Input data:
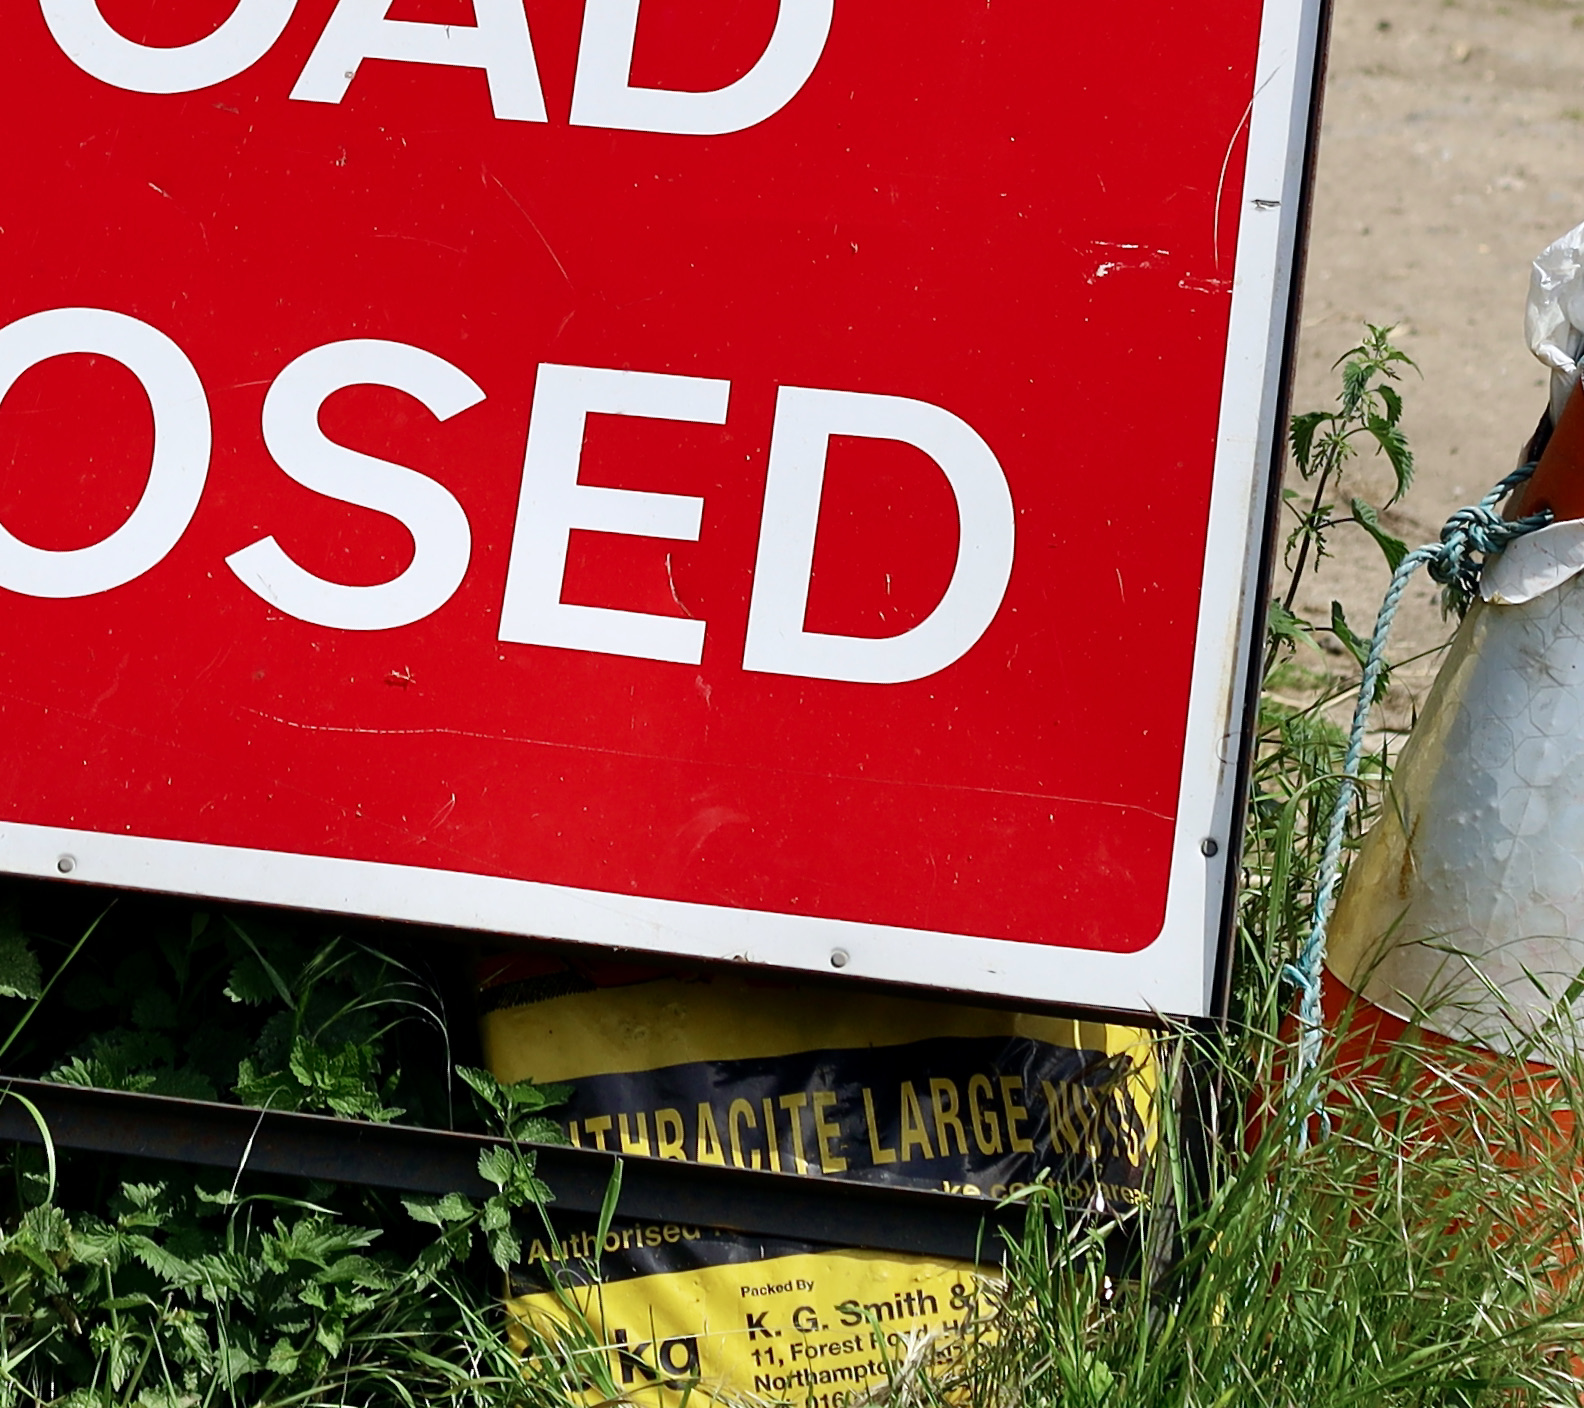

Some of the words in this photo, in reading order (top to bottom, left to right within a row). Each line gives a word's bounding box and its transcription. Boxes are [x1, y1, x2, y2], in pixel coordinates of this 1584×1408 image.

[569, 1091, 848, 1175] THRACITE
[862, 1073, 1035, 1165] LARGE
[741, 1282, 793, 1298] Packed
[796, 1279, 815, 1292] By
[746, 1311, 781, 1341] K.
[792, 1306, 829, 1333] G.
[840, 1289, 938, 1328] Smith
[950, 1283, 971, 1311] &
[614, 1329, 701, 1392] kg
[752, 1348, 784, 1368] 11,
[790, 1334, 864, 1362] Forest

What needs to be done: The task requires that every line above be transcribed exactly, without the images.

Exercise output:
Some of the words in this photo, in reading order (top to bottom, left to right within a row). Each line gives a word's bounding box and its transcription. Boxes are [x1, y1, x2, y2], in pixel coordinates of this 1584×1408 image.

[569, 1091, 848, 1175] THRACITE
[862, 1073, 1035, 1165] LARGE
[741, 1282, 793, 1298] Packed
[796, 1279, 815, 1292] By
[746, 1311, 781, 1341] K.
[792, 1306, 829, 1333] G.
[840, 1289, 938, 1328] Smith
[950, 1283, 971, 1311] &
[614, 1329, 701, 1392] kg
[752, 1348, 784, 1368] 11,
[790, 1334, 864, 1362] Forest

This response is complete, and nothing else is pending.